Whilst these approaches are grounded in good intentions, they often miss the mark. The most constructive way to support someone in conflict is to focus on how the situation is affecting them. To do that, there’s one powerful question you can ask that’s at the core of mediation practice: “What’s the impact of this on you?”
When you ask someone about the impact of conflict, it encourages them to put their own experiences into words; to explore their thoughts without imposing boundaries or preconceptions. Voicing their feelings helps them to pause and reflect, to start making sense of what’s happening and to work out how to address it.
In workplace mediations, parties consistently emphasise the value of being heard. When you really listen to people in conflict, you demonstrate care towards them. You also open the door to empathy and connection at a time when people may be feeling isolated. Importantly, it also enables you to understand them better and tailor your support to their specific needs.
5 alternative ways to ask this key conflict resolution question
- How does that make you feel?
This enables people to express their feelings, though be aware that not everyone feels comfortable talking about their feelings on the spot. - How has the situation affected you?
This encourages people to reflect on their feelings and experiences, allowing them to explore different aspects of the situation. - What emotions does that bring up for you?
Naming emotions helps to simplify the complex mix of feelings people are likely to be experiencing, which makes it more manageable to express and process them. - How are you feeling now?
This can differentiate between what happened at the time and where they are now, which can highlight progress or improved understanding. - How do you think this might be impacting the other person?
This question prompts a broader and more nuanced point of view. However, it can bring risks if the person you ask is not ready to consider the other person’s perspective, so use it with care.
5 ‘pro’ tips to support your approach
Now you’ve asked the question, here are some ways to make your support more impactful.
Tip 1: Listen to the words that are used when the question is answered. For example, if they say, “I think that…”, they’re expressing a thought, not a feeling, so you can try to rephrase the question.
Tip 2: Find language that works for the person you’re trying to support. Pay attention to how they express themselves, and be ready to adapt your communication to match their comfort level.
Tip 3: Asking the question once may not be enough to truly explore the impact of a conflict, so you can dig deeper by asking the question differently or reflecting back what you’ve heard.
Tip 4: If your colleague is repeating one emotion, such as anger, you might want to ask them to talk more about the anger, which could reveal other emotions, such as resentment or hurt.
Tip 5: Before you speak with your colleague, review a list of feelings to familiarize yourself with the emotions that may arise.
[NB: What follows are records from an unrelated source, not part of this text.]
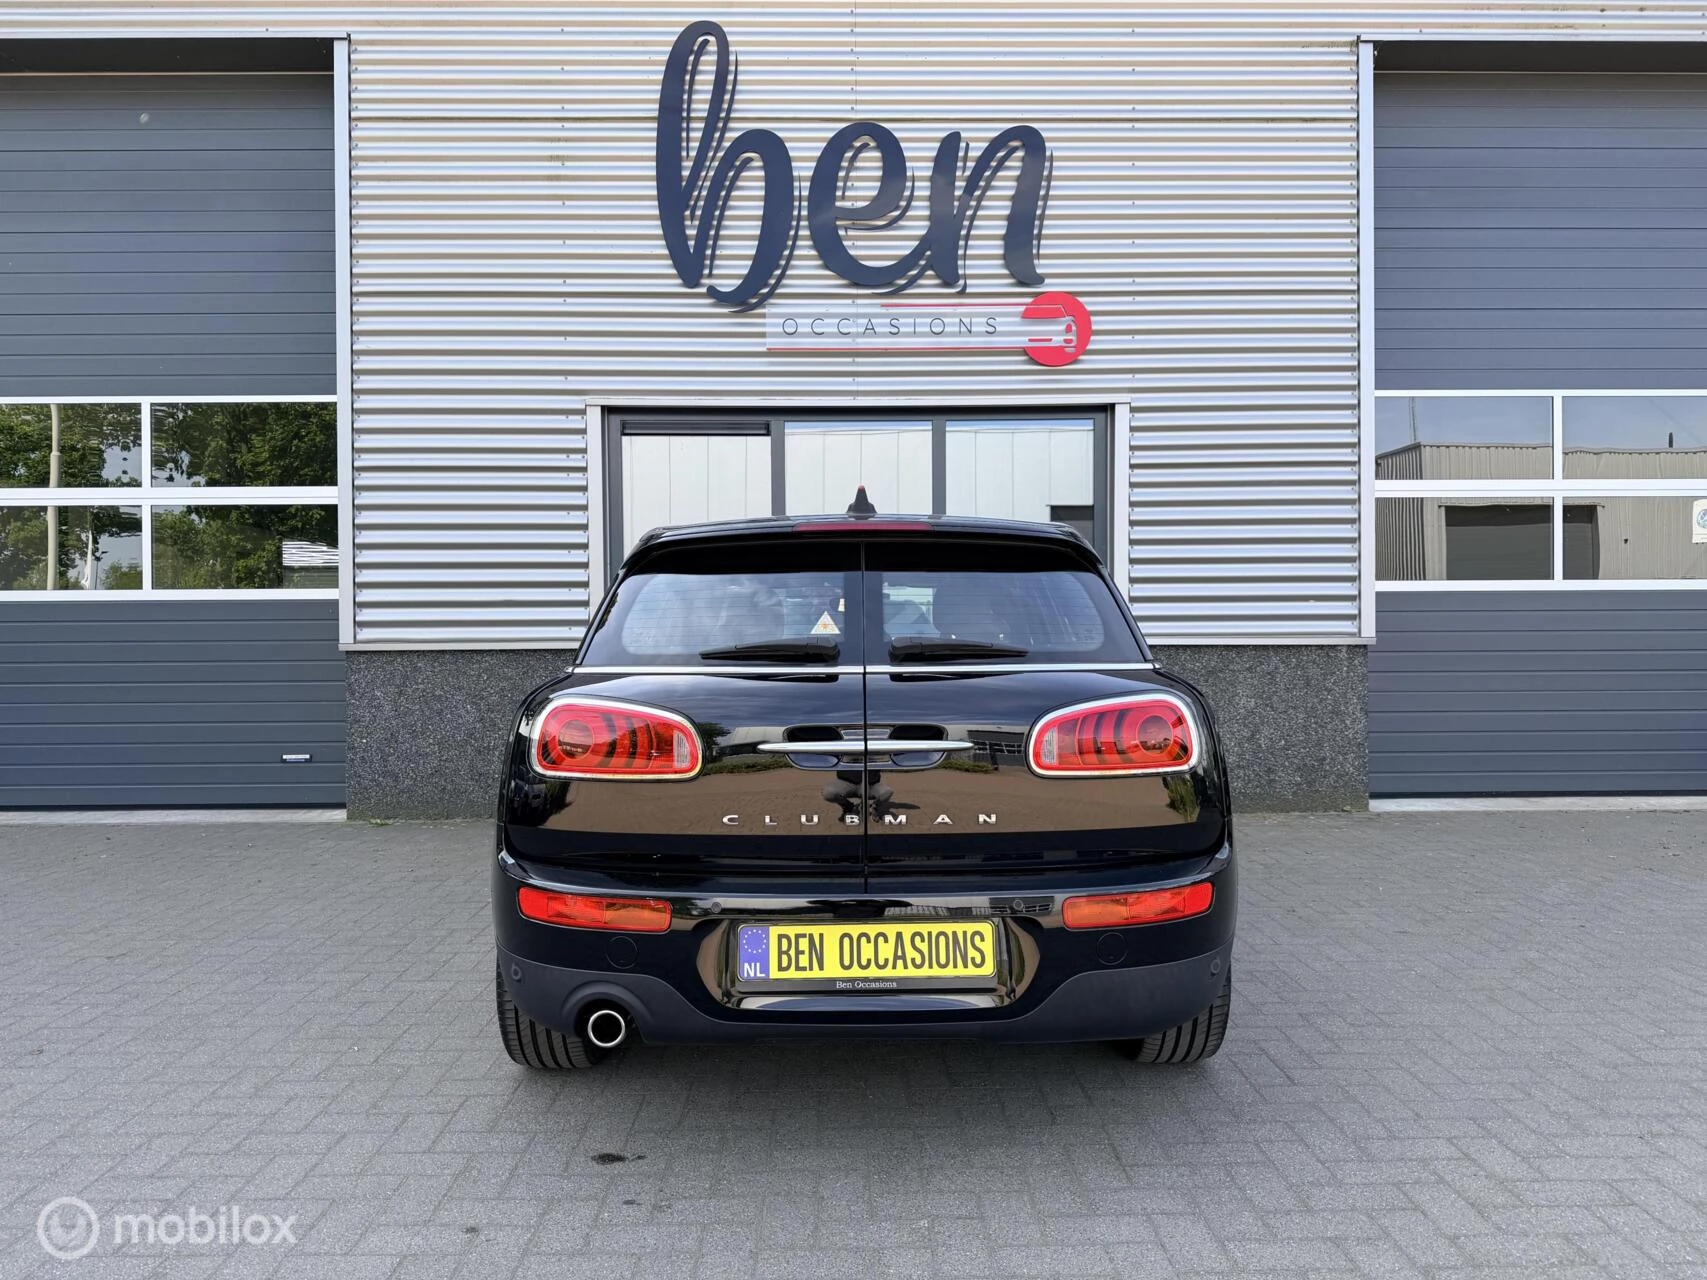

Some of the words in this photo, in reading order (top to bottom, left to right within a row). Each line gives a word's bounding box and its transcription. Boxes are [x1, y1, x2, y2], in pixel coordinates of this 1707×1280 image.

[656, 20, 1053, 312] ben
[782, 316, 997, 336] OCCASIONS
[722, 814, 997, 825] CLUBMAN
[777, 933, 824, 972] BEN
[839, 930, 986, 970] OCCASIONS
[744, 963, 766, 978] NL
[836, 981, 852, 989] Ben
[854, 980, 897, 989] Occasions
Resolving workplace conflict starts with a focus on impact
Workplace mediators will tell you that when mediation parties are entrenched, arguing over facts, or digging further into their positions, it will not lead to progress. When you recognize that both sides have been affected, this can breed common ground and start to build empathy and connection. So, next time you see a coworker who is experiencing a workplace conflict or approaches you for help, instead of suggesting answers, ask this one powerful question, which could be the key to unlocking the path to conflict resolution.